読み方 : イーブイピーエヌ
EVPN【Ethernet VPN】
概要

イーサネットフレームをIPネットワーク上でトンネリングして転送し、LANを広域的に相互接続する方式「レイヤ2VPN」という。従来は拠点間を仮想的な専用線で結ぶ「VPLS」(Virtual Private LAN Service)などの方式が用いられてきたが、MACアドレス学習をデータプレーンに依存していたため、拠点数の増加すると制御の効率が低下してしまい、大規模化が難しい問題があった。
EVPNでは、制御プレーンとしてインターネットのルーティングで用いられている「BGP」(Border Gateway Protocol)を利用し、MACアドレス情報やIPアドレス情報を経路情報として交換する。フラッディングの抑制や迅速な経路収束が可能となり、大規模ネットワークへの適用が容易となっている。

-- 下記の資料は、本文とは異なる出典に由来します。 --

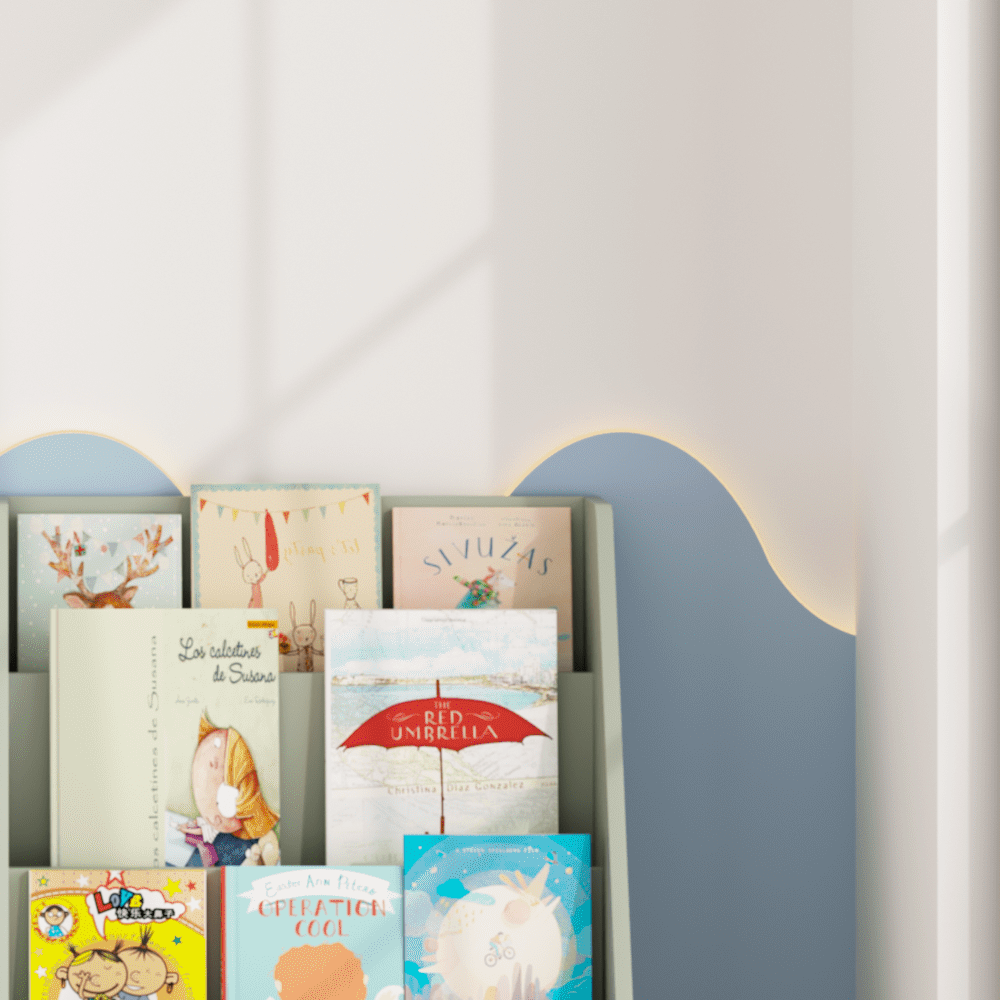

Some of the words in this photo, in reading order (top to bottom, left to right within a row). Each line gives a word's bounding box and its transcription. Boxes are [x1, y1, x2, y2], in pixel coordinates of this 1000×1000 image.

[423, 535, 553, 576] SIVUŽAS
[178, 637, 206, 662] Los
[209, 639, 261, 659] calcetines
[148, 635, 160, 711] Susana
[212, 664, 226, 682] de
[229, 662, 276, 684] Susana
[424, 710, 463, 725] RED
[148, 718, 158, 741] de
[391, 725, 499, 743] UMBRELLA
[387, 784, 437, 795] Christina
[258, 898, 386, 917] OPERATION
[295, 919, 349, 938] COOL

EVPNは主にデータセンター間接続や企業の広域イーサネット接続に利用される。特にVXLANなどのトンネリング技術と組み合わせたEVPN/VXLAN構成は、クラウド基盤や仮想化環境で広く用いられている。この構成では、物理ネットワーク上にオーバーレイネットワークを構築し、仮想マシンやコンテナ間の通信を拠点やラックを越えて同一セグメントとして扱うことができる。

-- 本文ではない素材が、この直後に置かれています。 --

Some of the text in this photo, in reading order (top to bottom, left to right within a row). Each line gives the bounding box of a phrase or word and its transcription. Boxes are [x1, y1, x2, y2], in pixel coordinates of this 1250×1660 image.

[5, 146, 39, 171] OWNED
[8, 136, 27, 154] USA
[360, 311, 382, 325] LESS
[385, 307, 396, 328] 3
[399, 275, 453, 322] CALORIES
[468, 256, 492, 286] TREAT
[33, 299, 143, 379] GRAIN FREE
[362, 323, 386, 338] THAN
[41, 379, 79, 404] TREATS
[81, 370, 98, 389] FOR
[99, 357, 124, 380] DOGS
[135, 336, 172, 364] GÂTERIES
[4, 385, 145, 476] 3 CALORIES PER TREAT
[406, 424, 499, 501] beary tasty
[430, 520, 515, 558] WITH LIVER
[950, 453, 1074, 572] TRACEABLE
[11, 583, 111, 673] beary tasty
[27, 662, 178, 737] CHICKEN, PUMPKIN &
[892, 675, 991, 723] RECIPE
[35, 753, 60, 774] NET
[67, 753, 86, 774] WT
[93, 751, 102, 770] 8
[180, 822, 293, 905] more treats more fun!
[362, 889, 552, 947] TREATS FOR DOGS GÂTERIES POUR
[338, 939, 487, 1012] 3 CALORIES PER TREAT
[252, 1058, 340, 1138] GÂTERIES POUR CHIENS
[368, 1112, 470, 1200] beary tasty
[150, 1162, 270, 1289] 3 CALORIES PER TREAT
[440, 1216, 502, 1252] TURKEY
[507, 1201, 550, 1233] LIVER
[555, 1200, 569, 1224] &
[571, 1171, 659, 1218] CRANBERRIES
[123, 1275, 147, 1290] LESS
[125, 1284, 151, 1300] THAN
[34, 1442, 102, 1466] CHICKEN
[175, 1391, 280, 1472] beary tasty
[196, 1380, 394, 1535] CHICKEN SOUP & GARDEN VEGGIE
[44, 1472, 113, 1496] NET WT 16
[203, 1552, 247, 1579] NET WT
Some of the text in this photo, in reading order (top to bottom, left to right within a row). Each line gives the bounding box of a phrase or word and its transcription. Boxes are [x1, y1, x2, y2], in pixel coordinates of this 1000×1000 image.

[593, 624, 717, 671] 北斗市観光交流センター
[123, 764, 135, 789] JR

EVPNでは、MAC/IPアドバタイズメントルートやイーサネットセグメントルートなど複数の経路タイプが定義されており、マルチホーム構成や冗長化にも対応している。同一のサーバやネットワーク機器を複数の経路で接続し、障害発生時には自動的にトラフィックを切り替えることが可能である。ARPによる問い合わせや未知のユニキャスト通信を抑制する機能により、不要なブロードキャスト通信を削減して広域回線の無駄遣いを抑えることができる。